In fact, CEF uses a multi-channel trie tree, but this tree is easy to associate with hardware, so as to use hardware to create a forwarding table, while Linux trie is dynamic and software-only.

6. Overall Evaluation

The general comment is not about hash algorithms, because the scalability of hash functions is poor, and I don't like it very much. Although hash is widely used in Linux kernel, however, these hashes limit the size of applications supported by Linux, and it is too difficult to find a good hash function. If your west wall is down now, and you don't care about the east wall at this time, you can use the hash function to remove the east wall and build the west wall!

The tree algorithm is a good choice, with strong certainty. The simpler the tree, the higher the efficiency. Why?
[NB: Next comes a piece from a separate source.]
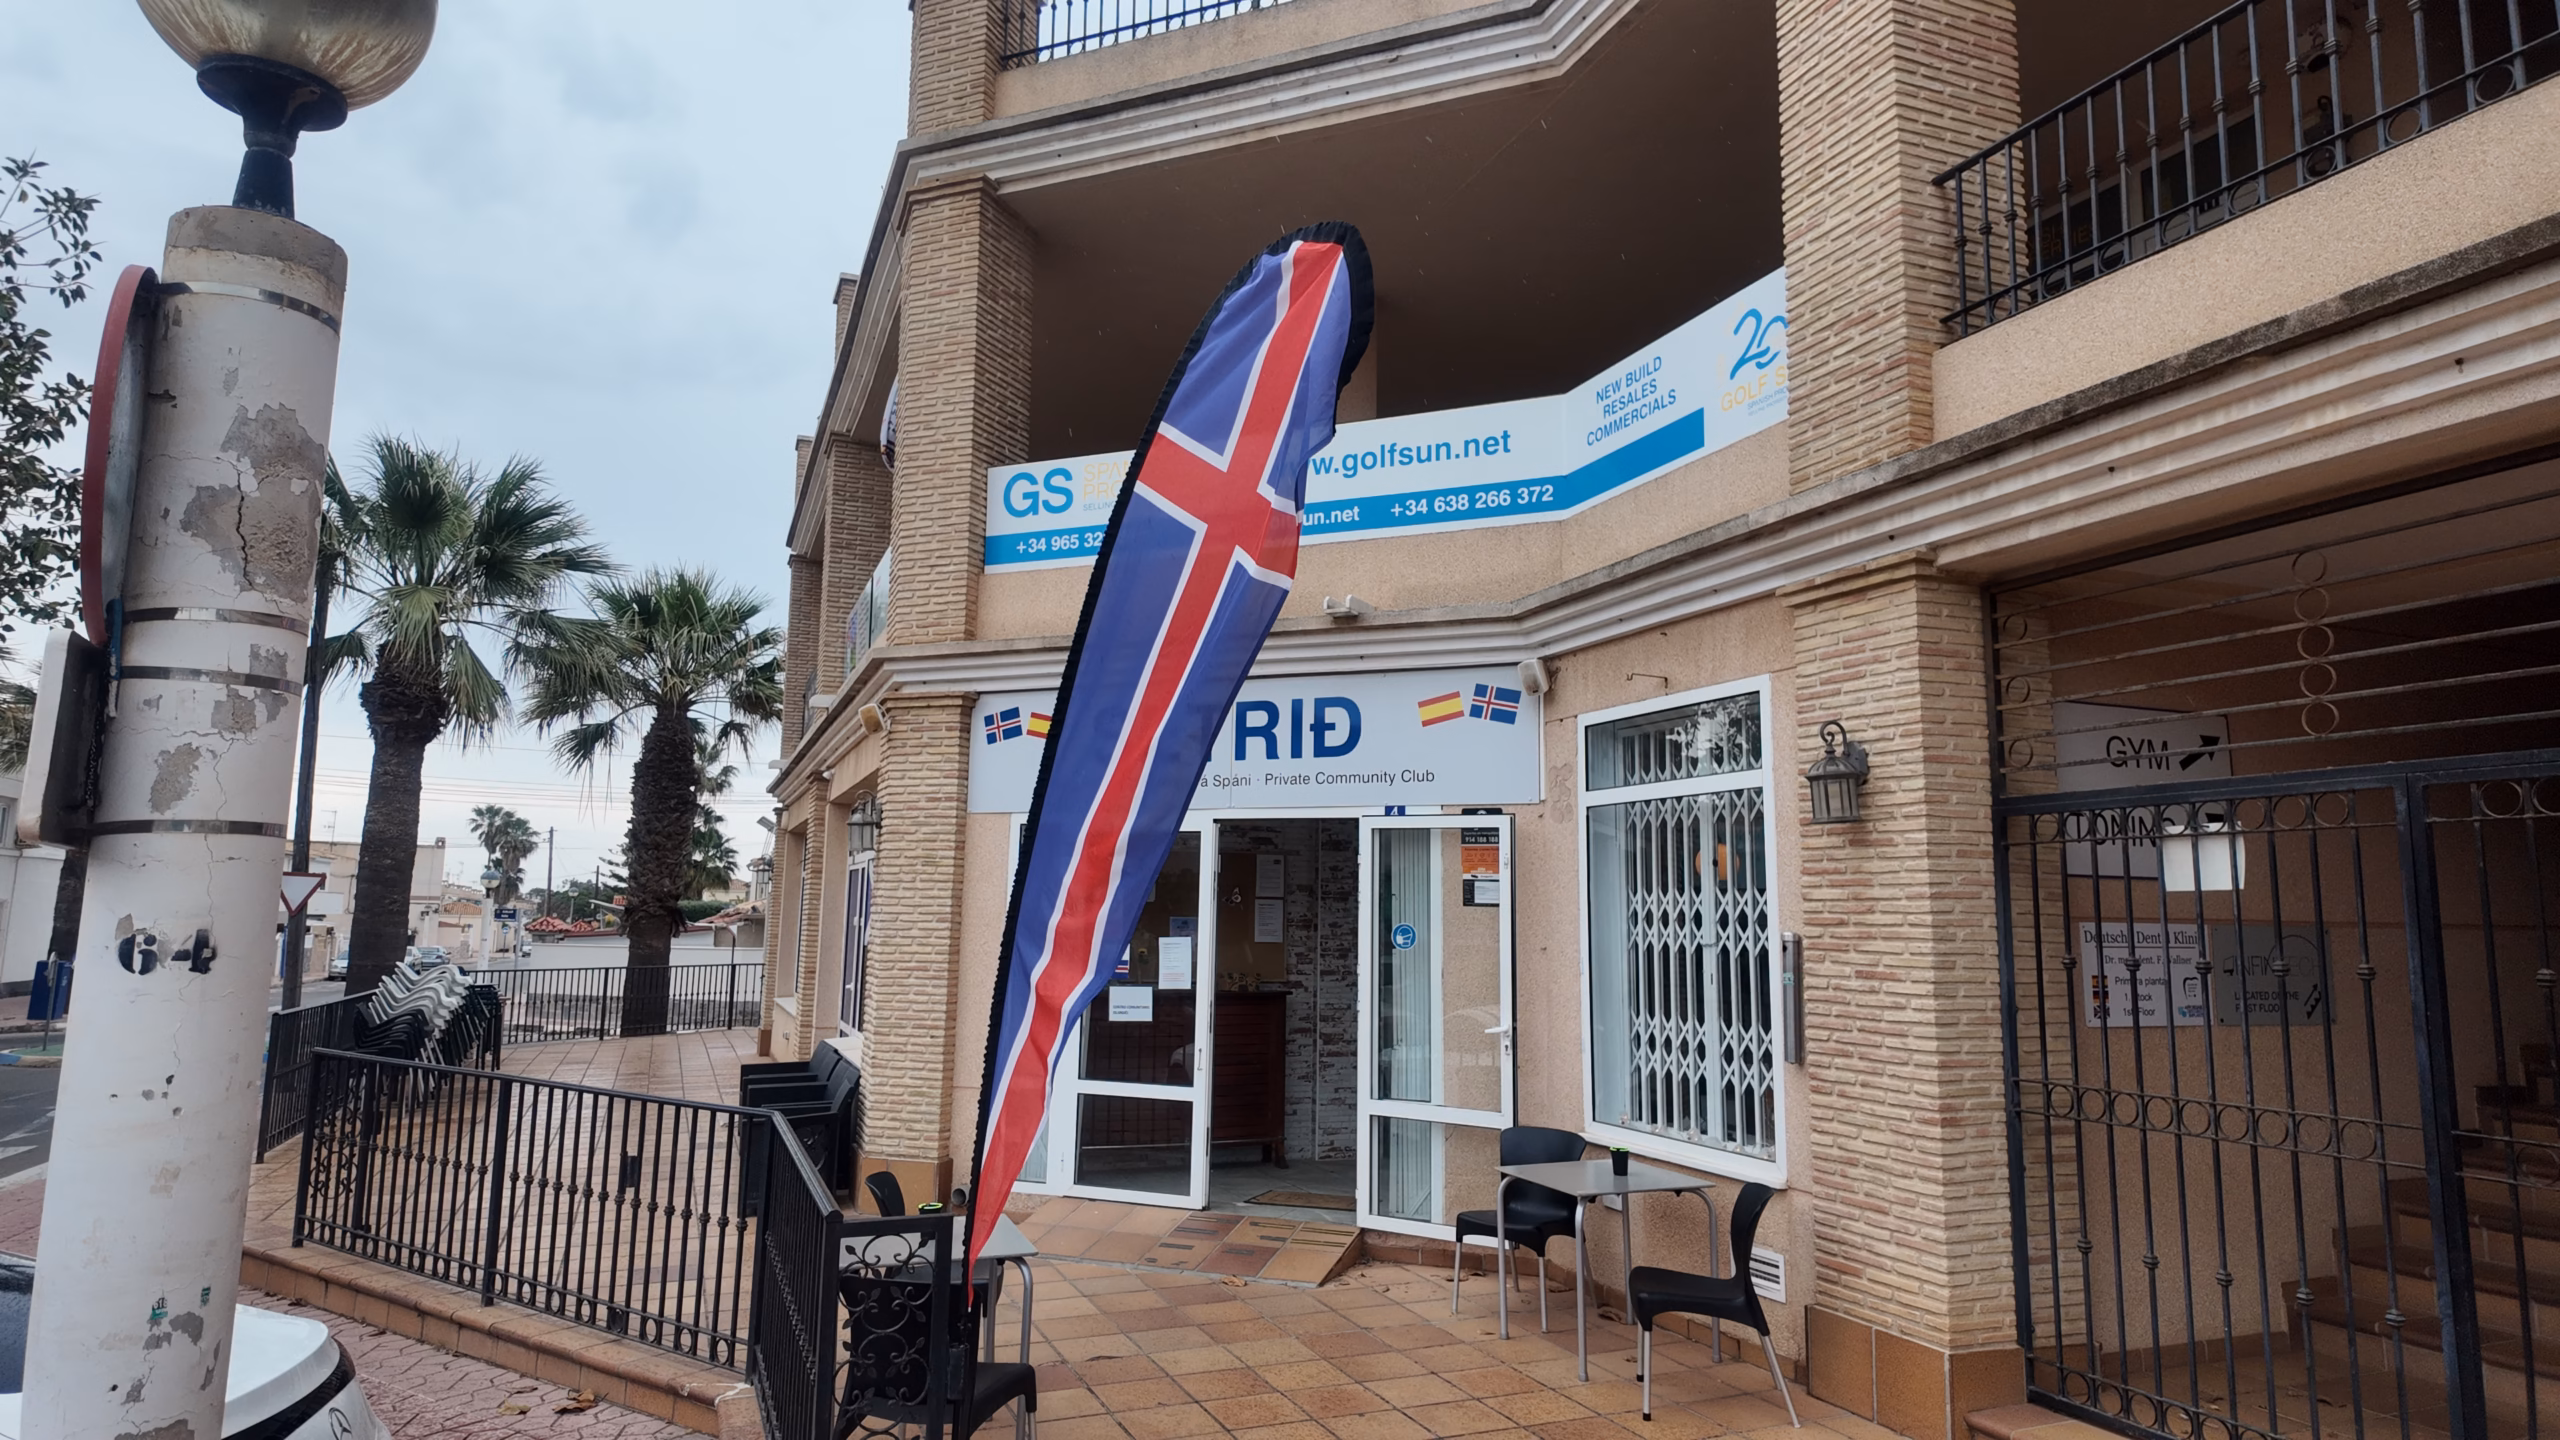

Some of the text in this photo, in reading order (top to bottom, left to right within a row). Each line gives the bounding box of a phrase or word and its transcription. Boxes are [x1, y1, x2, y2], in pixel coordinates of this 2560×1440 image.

Because it is easy to implement with hardware, professional-level hardware is much more efficient than software that simply uses CPU.**It is a problem to design an efficient and complex pure software algorithm or to implement a simple but not efficient algorithm using hardware.**Basically, it can be determined that hardware-only traversal is much better than software-only hashing. hardware is signal-and current-driven, while software relies on CPU commands, clock cycle...

This article describes the two trees used for route search. The first one is a binary tree, for example (the image is from Google ):

The second type is the 256 Cross Tree, for example (the image is from Google ):

Another tree, multi-channel dynamic trie tree, is actually a tree between a binary tree that degrades to a linked list and a 32-power Cross Tree of 2.